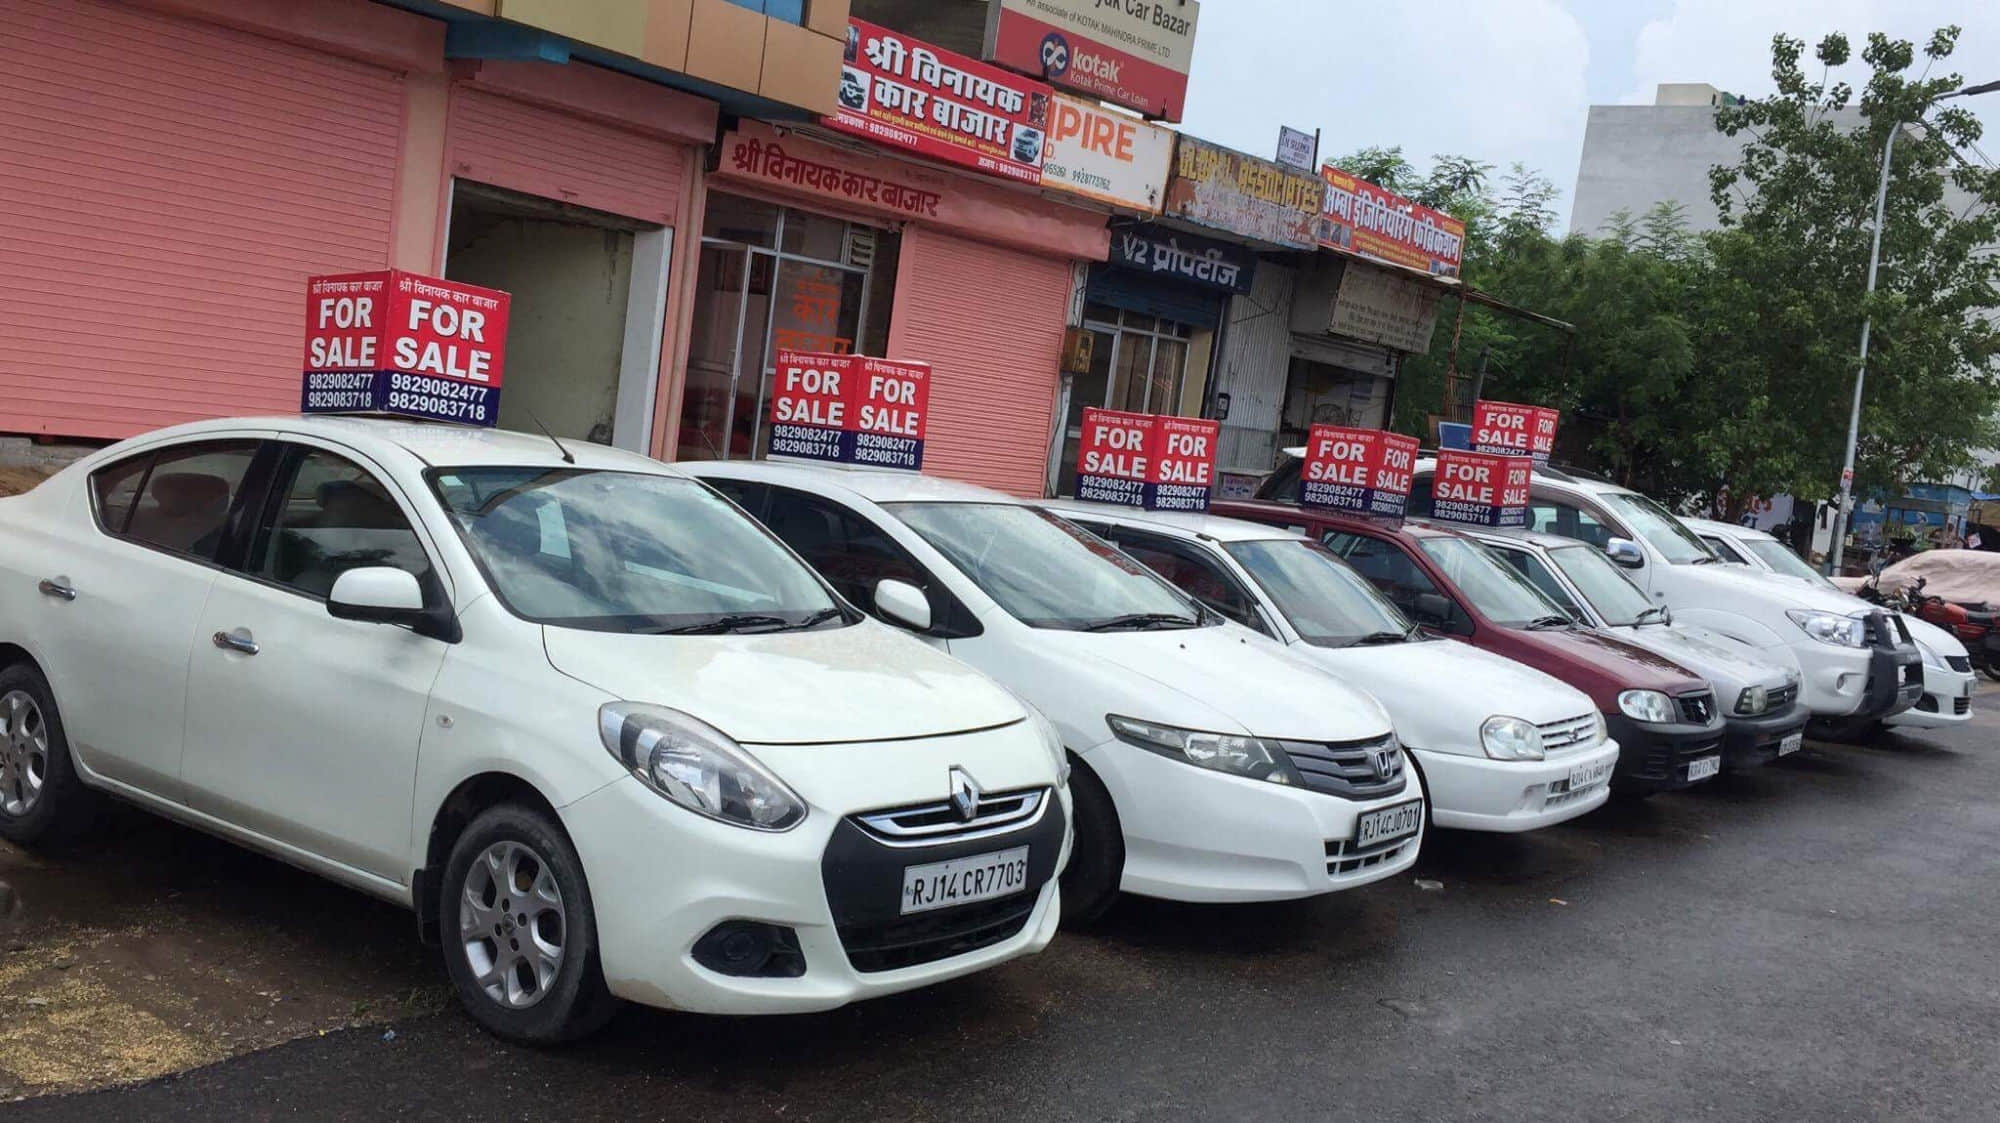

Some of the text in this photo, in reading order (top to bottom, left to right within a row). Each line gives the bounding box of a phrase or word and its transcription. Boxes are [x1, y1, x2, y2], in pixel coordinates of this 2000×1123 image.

[1126, 0, 1150, 21] Car
[1152, 4, 1191, 36] Bazar
[1077, 14, 1100, 30] KOTAK
[1101, 23, 1137, 44] MAHINDRA
[1137, 38, 1157, 52] PRIME
[1158, 45, 1171, 58] LTD
[864, 36, 1025, 114] श्री विनायक
[1072, 46, 1120, 83] kotak
[1070, 69, 1149, 107] Kotak Prime Car Loan
[874, 76, 929, 120] कार
[932, 95, 1010, 145] बाजार
[1048, 101, 1136, 162] PIRE
[732, 138, 761, 173] श्री
[762, 143, 842, 192] विनायक
[842, 170, 883, 203] कार
[881, 181, 942, 217] बाजार
[1122, 233, 1149, 264] V2
[399, 278, 499, 310] श्री विनायक कार बाजार
[319, 297, 373, 329] FOR
[409, 298, 485, 343] FOR
[310, 336, 377, 368] SALE
[394, 337, 492, 382] SALE
[309, 373, 374, 390] 9829082477
[391, 373, 488, 403] 9829082477
[786, 367, 841, 396] FOR
[869, 376, 916, 405] FOR
[308, 391, 372, 408] 9829083718
[389, 391, 485, 420] 9829083718
[776, 397, 845, 426] SALE
[859, 405, 920, 435] SALE
[1485, 412, 1525, 430] FOR
[1538, 418, 1554, 434] FOR
[774, 425, 842, 443] 9829082477
[857, 433, 916, 451] 9829082477
[1094, 425, 1144, 451] FOR
[1167, 433, 1207, 457] FOR
[1477, 429, 1528, 448] SALE
[1533, 435, 1552, 452] SALE
[773, 438, 840, 457] 9829083718
[855, 447, 915, 465] 9829083718
[1318, 440, 1365, 462] FOR
[1383, 448, 1410, 470] FOR
[1084, 451, 1147, 479] SALE
[1158, 459, 1209, 483] SALE
[1308, 461, 1368, 485] SALE
[1445, 463, 1490, 483] FOR
[1508, 469, 1526, 485] FOR
[1082, 475, 1144, 493] 9829082477
[1157, 484, 1206, 498] 9829082477
[1306, 482, 1365, 498] 9829082477
[1375, 470, 1409, 492] SALE
[1436, 482, 1494, 504] SALE
[1080, 487, 1143, 505] 9829083718
[1155, 496, 1205, 510] 9829083718
[1304, 492, 1362, 509] 9829083718
[1434, 500, 1491, 514] 9829082477
[1502, 488, 1527, 505] SALE
[1433, 509, 1490, 524] 9829083718
[912, 860, 1026, 906] RJ14 CR7703
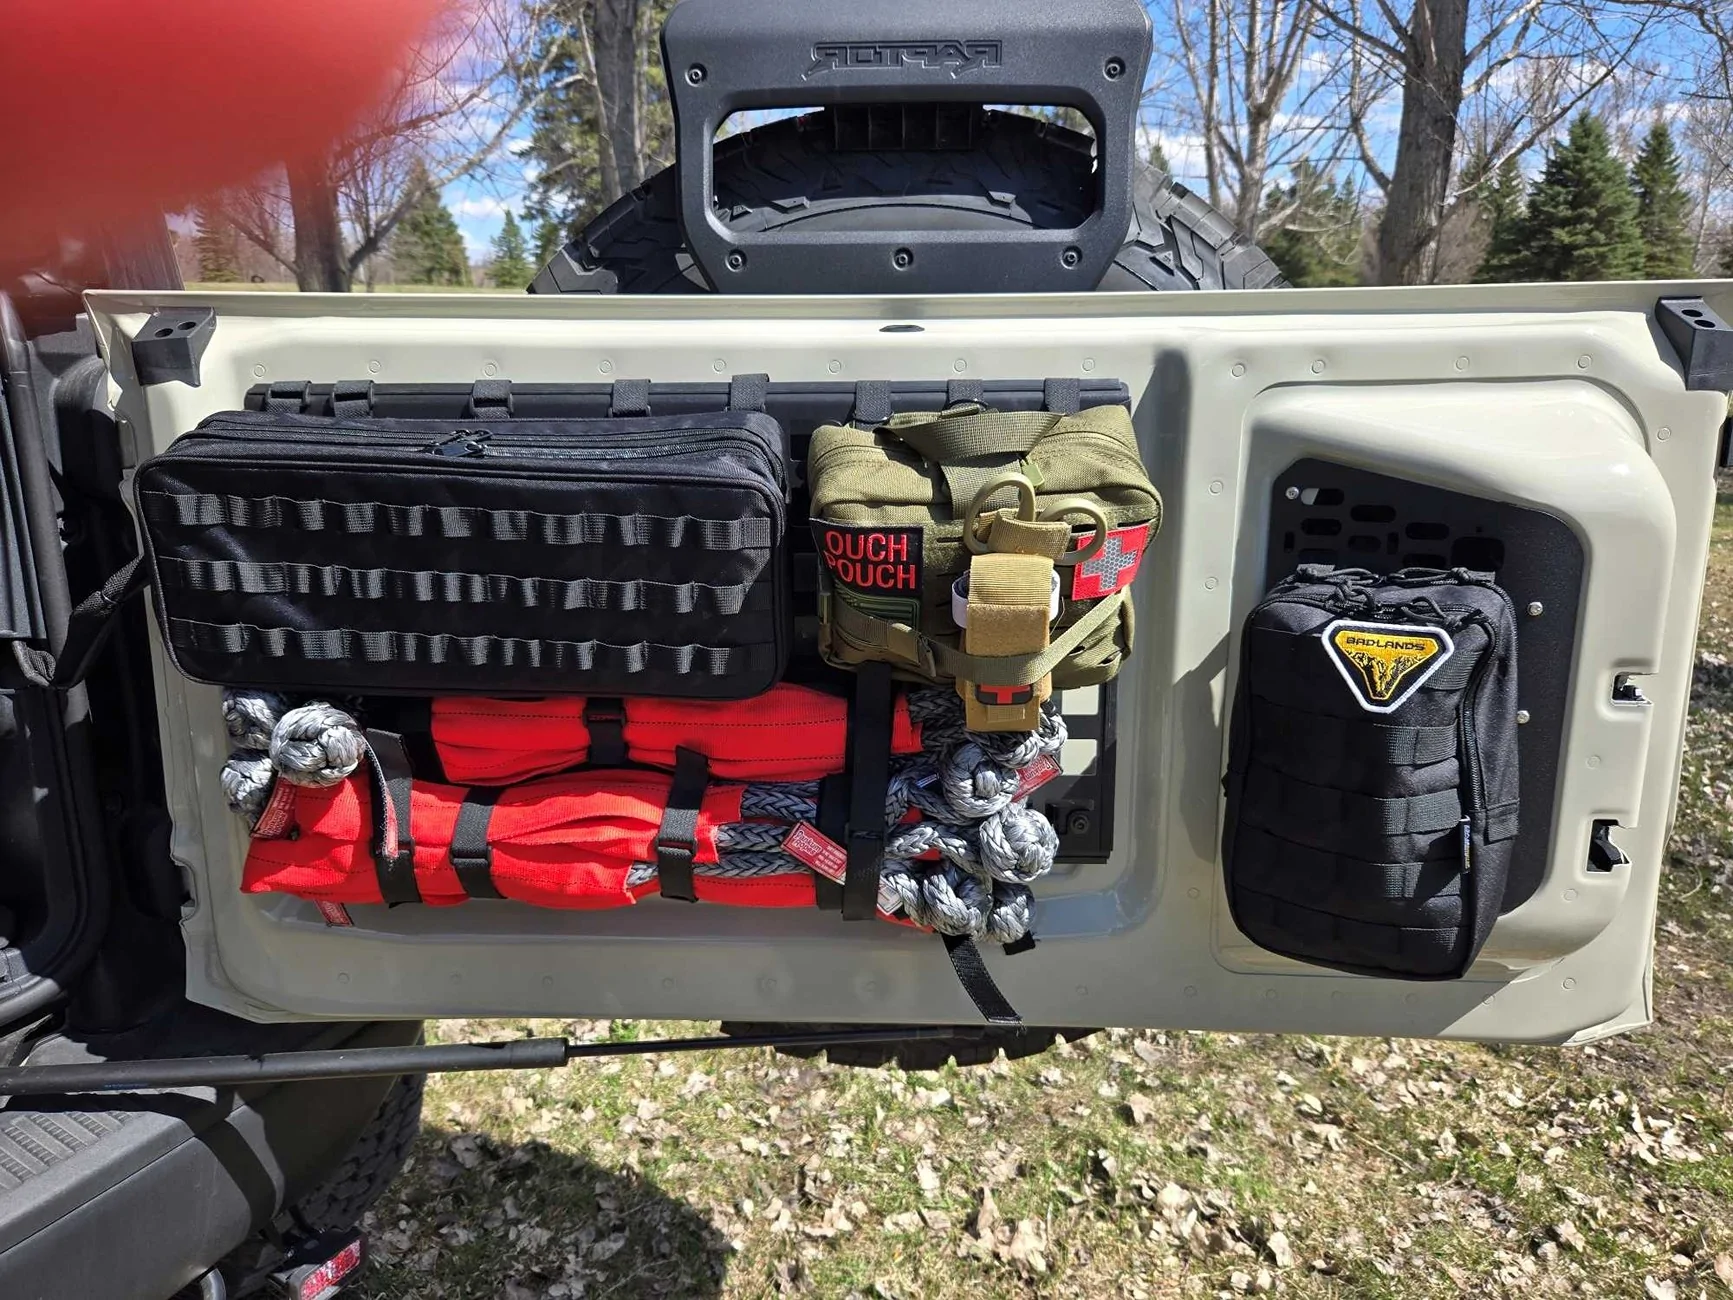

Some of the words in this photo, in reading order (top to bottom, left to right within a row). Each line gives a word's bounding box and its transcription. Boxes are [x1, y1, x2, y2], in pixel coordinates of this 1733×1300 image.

[825, 530, 907, 562] OUCH
[823, 549, 916, 590] POUCH
[1346, 637, 1425, 651] BADLANDS
※ ※ ※
Leaving the pictures out, output the material exactly as it appears.

Some of the text in this photo, in reading order (top to bottom, left to right within a row). Each line gives the bounding box of a phrase or word and its transcription. Boxes are [x1, y1, x2, y2], in pixel coordinates of this 2000×1123 image.

[1126, 0, 1150, 21] Car
[1152, 4, 1191, 36] Bazar
[1077, 14, 1100, 30] KOTAK
[1101, 23, 1137, 44] MAHINDRA
[1137, 38, 1157, 52] PRIME
[1158, 45, 1171, 58] LTD
[864, 36, 1025, 114] श्री विनायक
[1072, 46, 1120, 83] kotak
[1070, 69, 1149, 107] Kotak Prime Car Loan
[874, 76, 929, 120] कार
[932, 95, 1010, 145] बाजार
[1048, 101, 1136, 162] PIRE
[732, 138, 761, 173] श्री
[762, 143, 842, 192] विनायक
[842, 170, 883, 203] कार
[881, 181, 942, 217] बाजार
[1122, 233, 1149, 264] V2
[399, 278, 499, 310] श्री विनायक कार बाजार
[319, 297, 373, 329] FOR
[409, 298, 485, 343] FOR
[310, 336, 377, 368] SALE
[394, 337, 492, 382] SALE
[309, 373, 374, 390] 9829082477
[391, 373, 488, 403] 9829082477
[786, 367, 841, 396] FOR
[869, 376, 916, 405] FOR
[308, 391, 372, 408] 9829083718
[389, 391, 485, 420] 9829083718
[776, 397, 845, 426] SALE
[859, 405, 920, 435] SALE
[1485, 412, 1525, 430] FOR
[1538, 418, 1554, 434] FOR
[774, 425, 842, 443] 9829082477
[857, 433, 916, 451] 9829082477
[1094, 425, 1144, 451] FOR
[1167, 433, 1207, 457] FOR
[1477, 429, 1528, 448] SALE
[1533, 435, 1552, 452] SALE
[773, 438, 840, 457] 9829083718
[855, 447, 915, 465] 9829083718
[1318, 440, 1365, 462] FOR
[1383, 448, 1410, 470] FOR
[1084, 451, 1147, 479] SALE
[1158, 459, 1209, 483] SALE
[1308, 461, 1368, 485] SALE
[1445, 463, 1490, 483] FOR
[1508, 469, 1526, 485] FOR
[1082, 475, 1144, 493] 9829082477
[1157, 484, 1206, 498] 9829082477
[1306, 482, 1365, 498] 9829082477
[1375, 470, 1409, 492] SALE
[1436, 482, 1494, 504] SALE
[1080, 487, 1143, 505] 9829083718
[1155, 496, 1205, 510] 9829083718
[1304, 492, 1362, 509] 9829083718
[1434, 500, 1491, 514] 9829082477
[1502, 488, 1527, 505] SALE
[1433, 509, 1490, 524] 9829083718
[912, 860, 1026, 906] RJ14 CR7703

Some of the words in this photo, in reading order (top to bottom, left to right within a row). Each line gives a word's bounding box and its transcription. Boxes are [x1, y1, x2, y2], in pixel coordinates of this 1733×1300 image.

[825, 530, 907, 562] OUCH
[823, 549, 916, 590] POUCH
[1346, 637, 1425, 651] BADLANDS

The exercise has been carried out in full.